Restate, in full and unchanged, the entries that follow, but not their pictures.

## MATERIAL FOR THE TASK
# # # # # # #

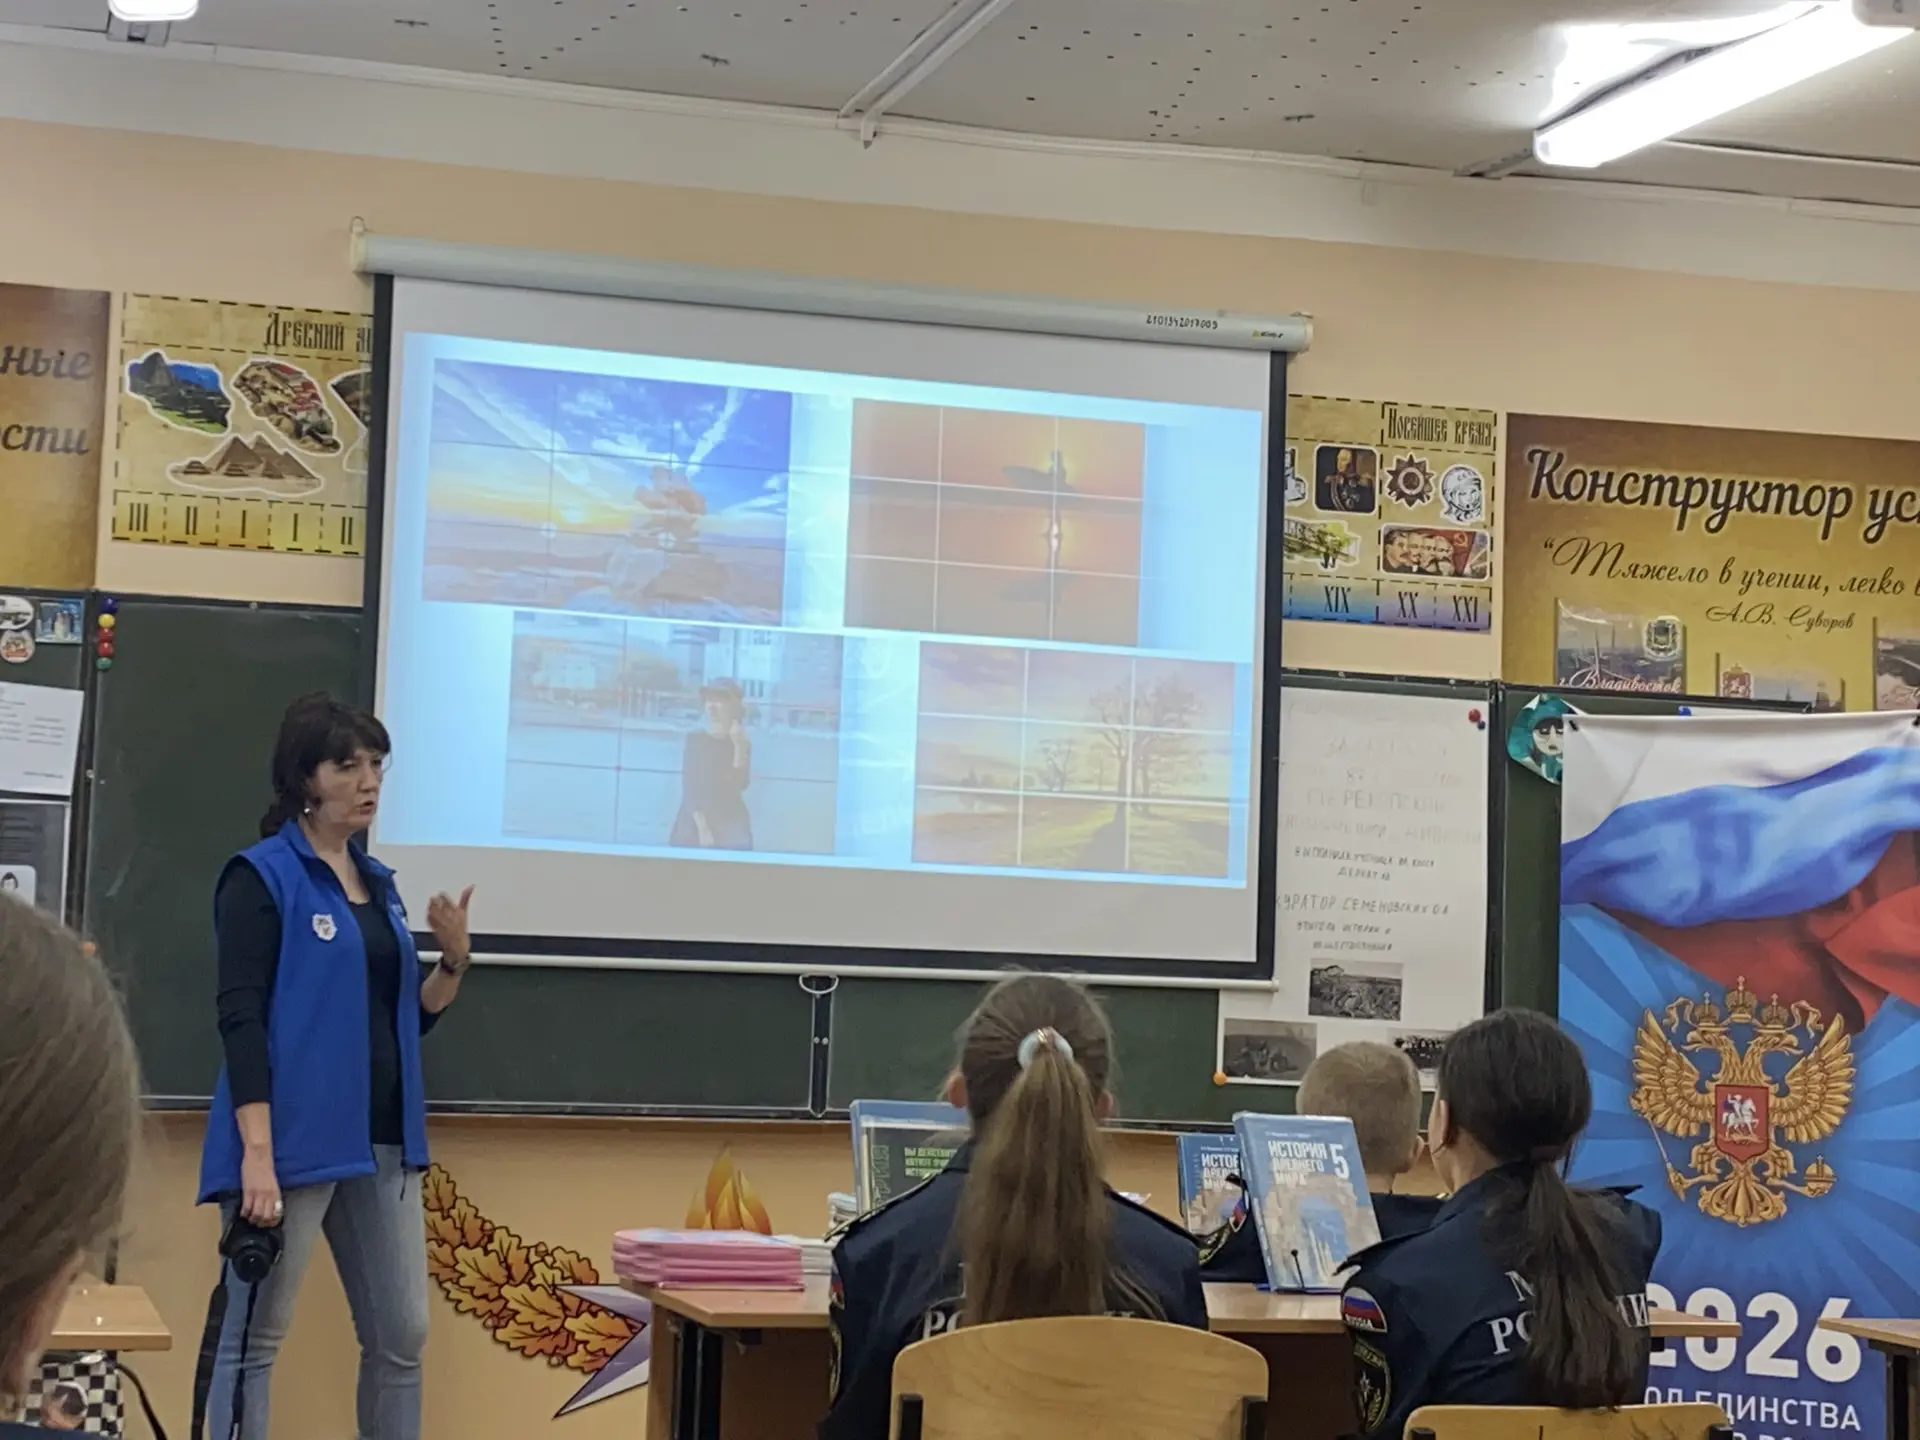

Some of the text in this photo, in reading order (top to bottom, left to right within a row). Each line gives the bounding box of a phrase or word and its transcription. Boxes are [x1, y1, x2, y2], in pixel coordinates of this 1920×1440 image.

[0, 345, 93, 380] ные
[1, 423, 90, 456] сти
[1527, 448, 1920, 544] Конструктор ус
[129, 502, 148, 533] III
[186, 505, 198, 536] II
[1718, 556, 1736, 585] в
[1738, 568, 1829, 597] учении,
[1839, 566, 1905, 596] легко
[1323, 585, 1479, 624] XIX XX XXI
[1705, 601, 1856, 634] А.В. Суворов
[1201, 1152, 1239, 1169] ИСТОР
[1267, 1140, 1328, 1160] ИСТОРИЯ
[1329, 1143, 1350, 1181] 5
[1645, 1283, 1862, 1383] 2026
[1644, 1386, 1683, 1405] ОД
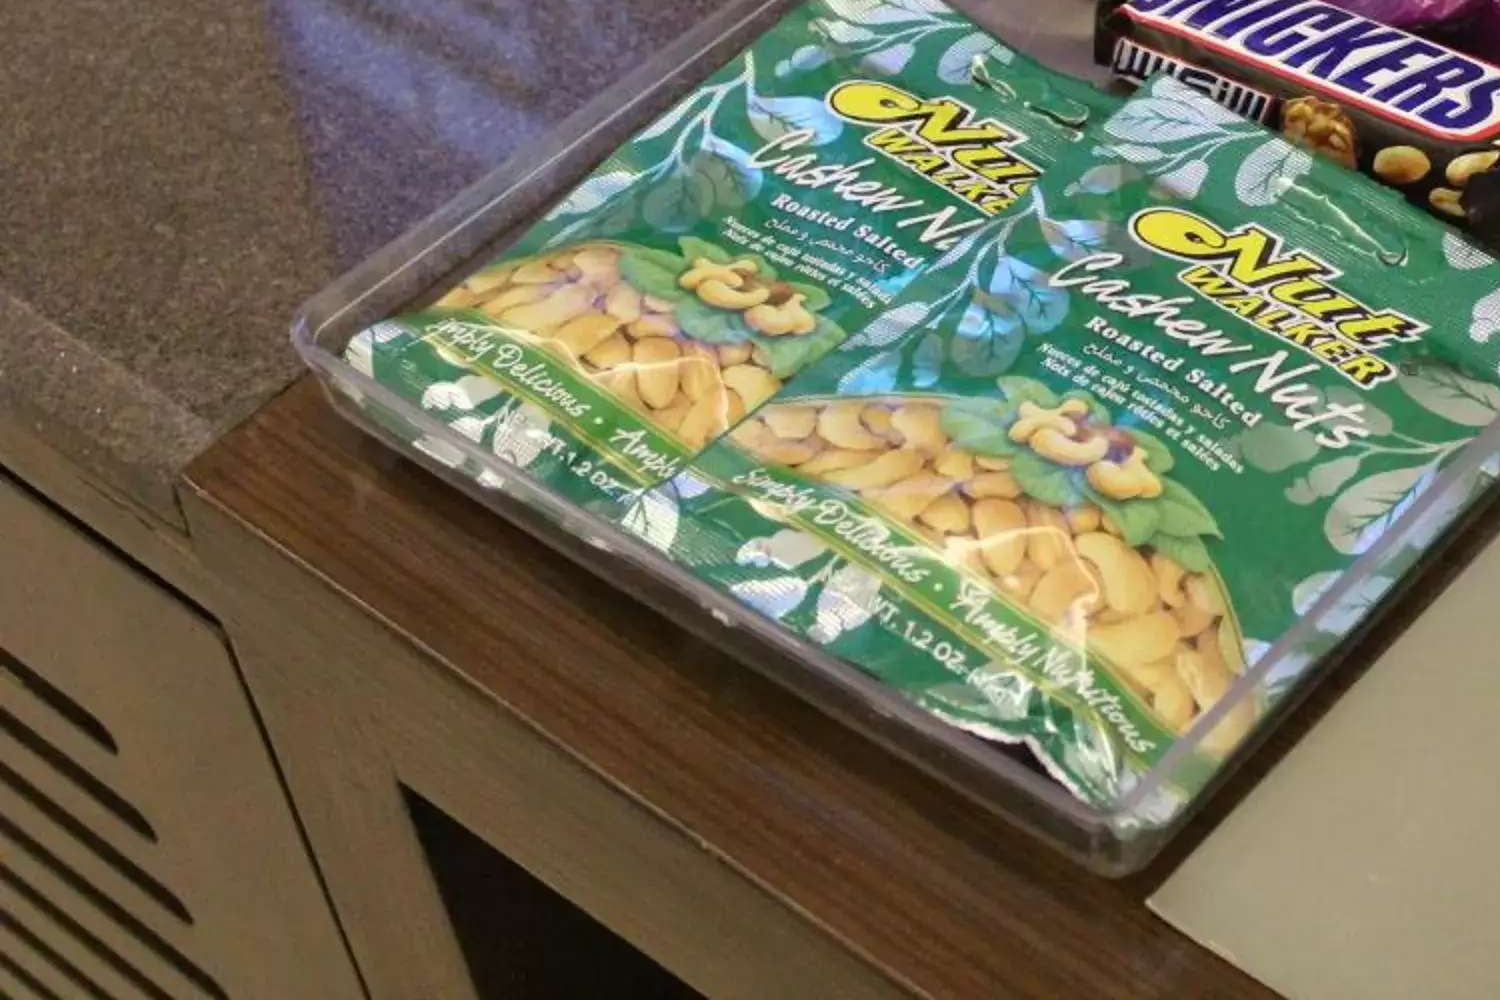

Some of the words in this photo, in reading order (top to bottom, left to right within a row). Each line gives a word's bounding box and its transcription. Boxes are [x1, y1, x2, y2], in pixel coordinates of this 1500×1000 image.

# # # # # # #

## WRITTEN RESPONSE
Some of the text in this photo, in reading order (top to bottom, left to right within a row). Each line gives the bounding box of a phrase or word and its transcription. Boxes are [x1, y1, x2, y2], in pixel coordinates of this 1920×1440 image.

[0, 345, 93, 380] ные
[1, 423, 90, 456] сти
[1527, 448, 1920, 544] Конструктор ус
[129, 502, 148, 533] III
[186, 505, 198, 536] II
[1718, 556, 1736, 585] в
[1738, 568, 1829, 597] учении,
[1839, 566, 1905, 596] легко
[1323, 585, 1479, 624] XIX XX XXI
[1705, 601, 1856, 634] А.В. Суворов
[1201, 1152, 1239, 1169] ИСТОР
[1267, 1140, 1328, 1160] ИСТОРИЯ
[1329, 1143, 1350, 1181] 5
[1645, 1283, 1862, 1383] 2026
[1644, 1386, 1683, 1405] ОД

Some of the words in this photo, in reading order (top to bottom, left to right within a row). Each line gives a word's bounding box and its transcription. Boxes are [x1, y1, x2, y2], in pixel coordinates of this 1500×1000 image.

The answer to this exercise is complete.